The Association of Independent Professionals and the Self-Employed (IPSE), has responded to the government’s call for evidence on a new tax system for the self-employed. This system would replace annual self-assessment tax returns with a rolling in-year system. IPSE has said that although it welcomes the government’s concern with the tax experience of freelancers, there are still “unanswered questions” about the proposal that must be explored.
“First, many self-employed people’s incomes fluctuate substantially throughout the year – and while the current annual system accounts for these and ensures self-employed people pay the right rate, it is not clear how this would work with rolling in-year taxes. It is also not yet clear how this would work with late payments – which are a substantial problem for the self-employed.
Over the last decade there has been a rapid increase in the UK’s workforce working through their own businesses and becoming self-employed for many different reasons.
However, there are reports that the Treasury lose out on a significant amount of tax when you compare an employee doing the same work as a self-employed person, working on their own or through their own limited company.

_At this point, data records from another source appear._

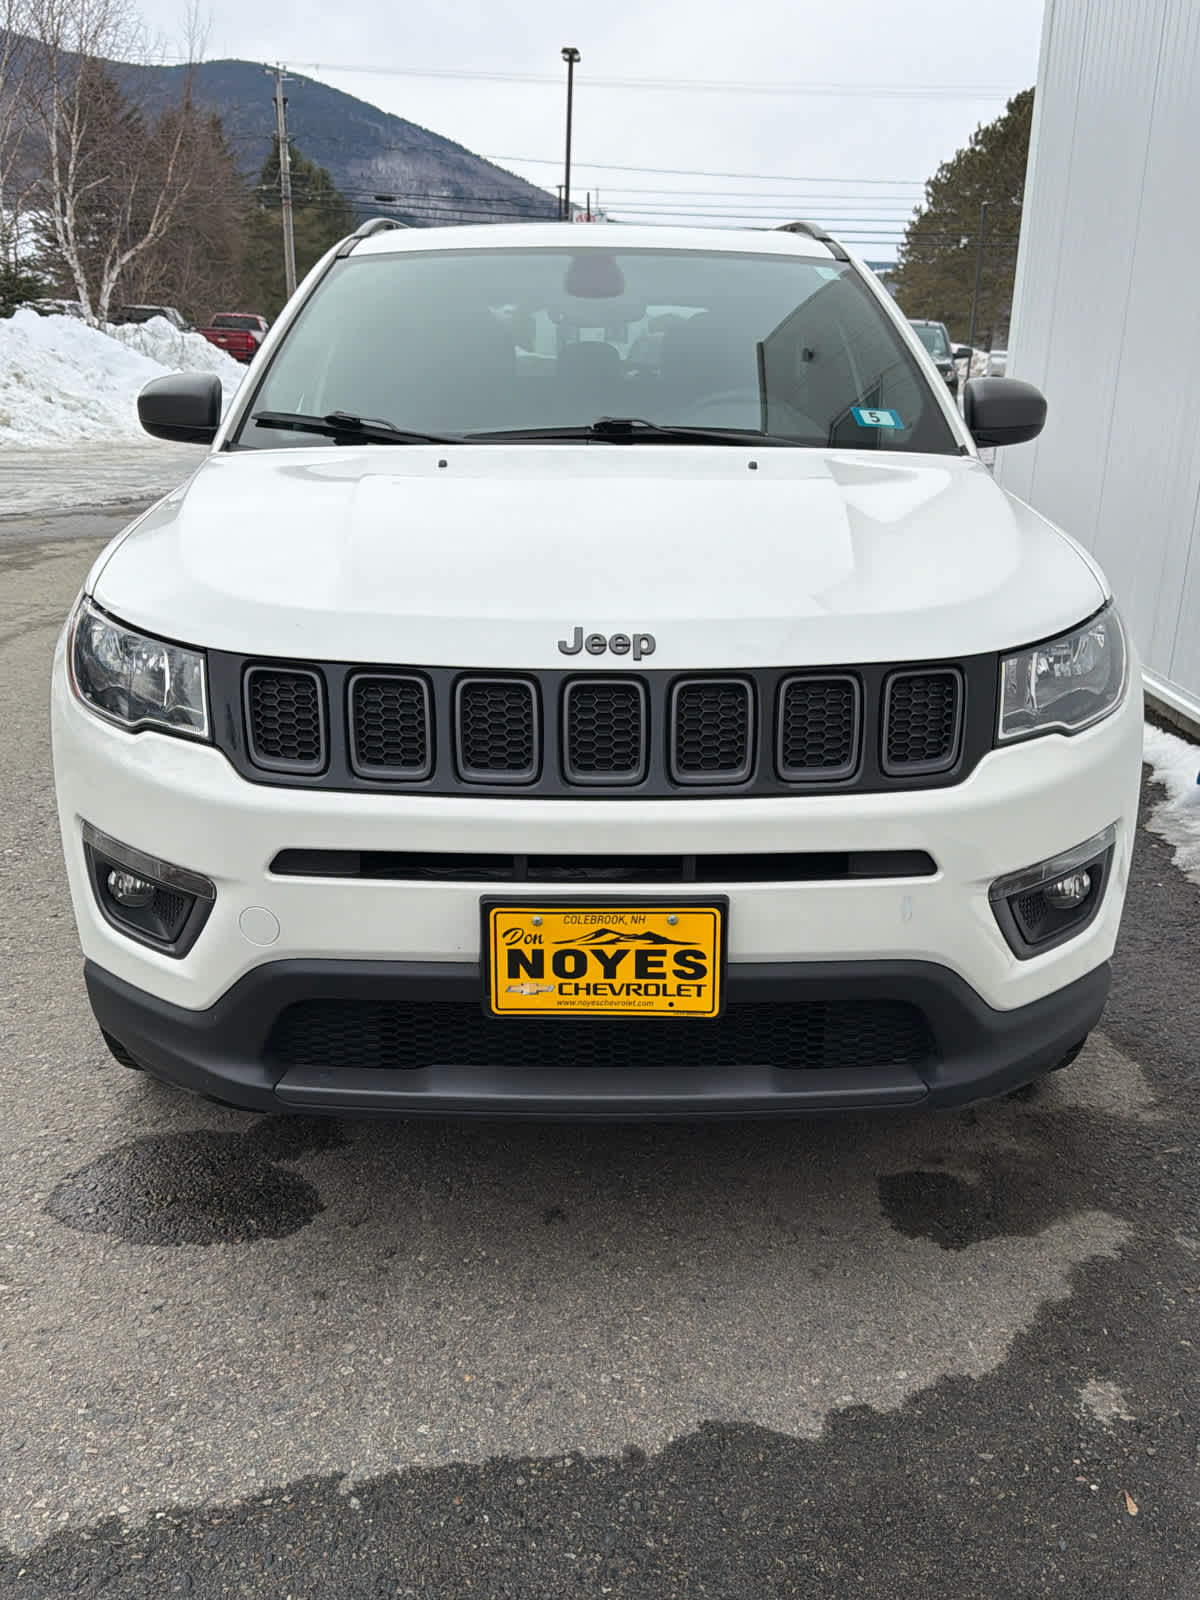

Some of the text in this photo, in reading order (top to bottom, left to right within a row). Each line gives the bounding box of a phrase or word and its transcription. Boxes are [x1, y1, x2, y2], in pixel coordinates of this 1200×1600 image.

[868, 411, 881, 423] 5
[557, 626, 657, 661] Jeep
[563, 915, 646, 926] COLEBROOK, NH
[502, 927, 545, 946] Don
[507, 948, 708, 980] NOYES
[558, 982, 707, 997] CHEVROLET
[557, 999, 654, 1007] www.noyeschevrolet.com

What is the argument? The Treasury are losing out on tax as the self-employed are not subject to employer’s National insurance Contributions (NIC’s) as an employee’s income would.
The Chancellor is now trying to rebalance the loss of tax due to the continued increase of UK workforce working as self-employed.
Rolling out this new tax system is the best strategy to do this, as it seems. Whether this will work or not, only time will tell. No doubt that such an overhaul of the system will be extremely costly in itself.